The bleeding is finally under control, but the shirt and pants are stained, requiring immediate attention, and Honi stands in his underwear before his mother and sister, who dismiss his embarrassment: “We’ve seen you naked before, no problem.”

Be that as it may, he’s cold in the Jerusalem evening, and his sister lends him a big shirt, his mother contributes an old bathrobe, and he sits comfortably, a man dressed as a woman, reminiscing about himself as a child, and instead of complaining again about his mother’s failed residence in Tel Aviv, he envisions the fast train of the future that will zip between the two cities in twenty minutes flat.

“Then you can come here every time I sneeze,” his mother teases.

And so the evening goes. They are still in the kitchen, and after they’ve carefully picked the shards of the bowl from the sink and eaten a bit more of the meal Noga prepared, the talk turns to the past and concentrates on the virtues and flaws of the father who died nine months before, and Noga recalls the rainy night she saw her father shuffling from room to room like a humble Chinese man.

“Yes,” the mother confirms, “in recent years when he would get up at night to use the bathroom, he would turn into a different character on his way back to bed — Chinese or Indian or Eskimo, or somebody disabled or paralyzed.
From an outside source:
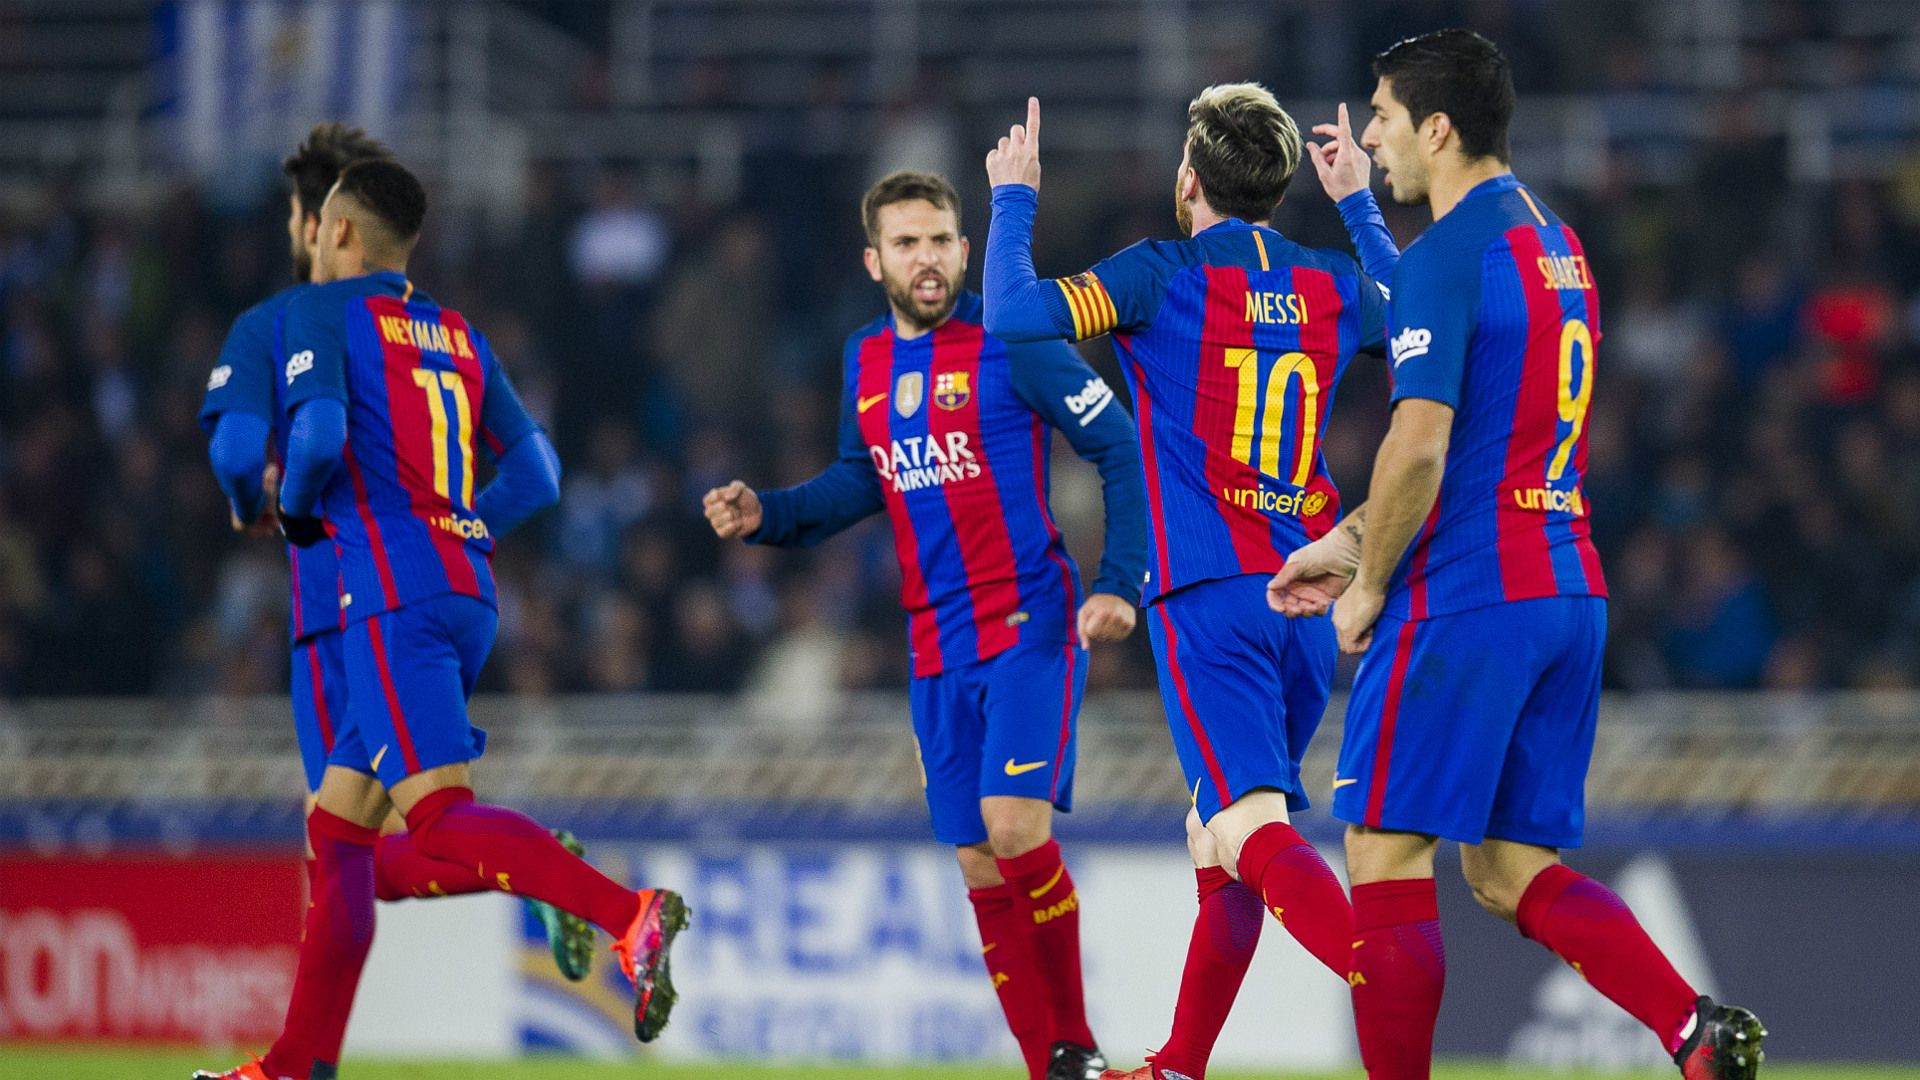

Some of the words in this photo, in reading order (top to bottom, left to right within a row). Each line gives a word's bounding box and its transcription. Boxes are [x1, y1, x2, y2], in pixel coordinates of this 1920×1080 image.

We once saw a wonderful short film called Aisha, about a woman of ninety-six, all bent over, who would lean on a pail as she walked, and he was so impressed that he tried imitating her in the dark.”

“But why?” Honi is shocked, hearing for the first time about his late father’s nocturnal habits.

“To amuse himself and me.”

“And you were actually amused?”

“At first, out of surprise, then I reprimanded him.”

“Hardly reprimanded,” Noga recalls. “‘That’s not Chinese, it’s Japanese,’ she would tell him, as if Ima really knows how the Japanese walk. Then he’d look bewildered and take even smaller steps.”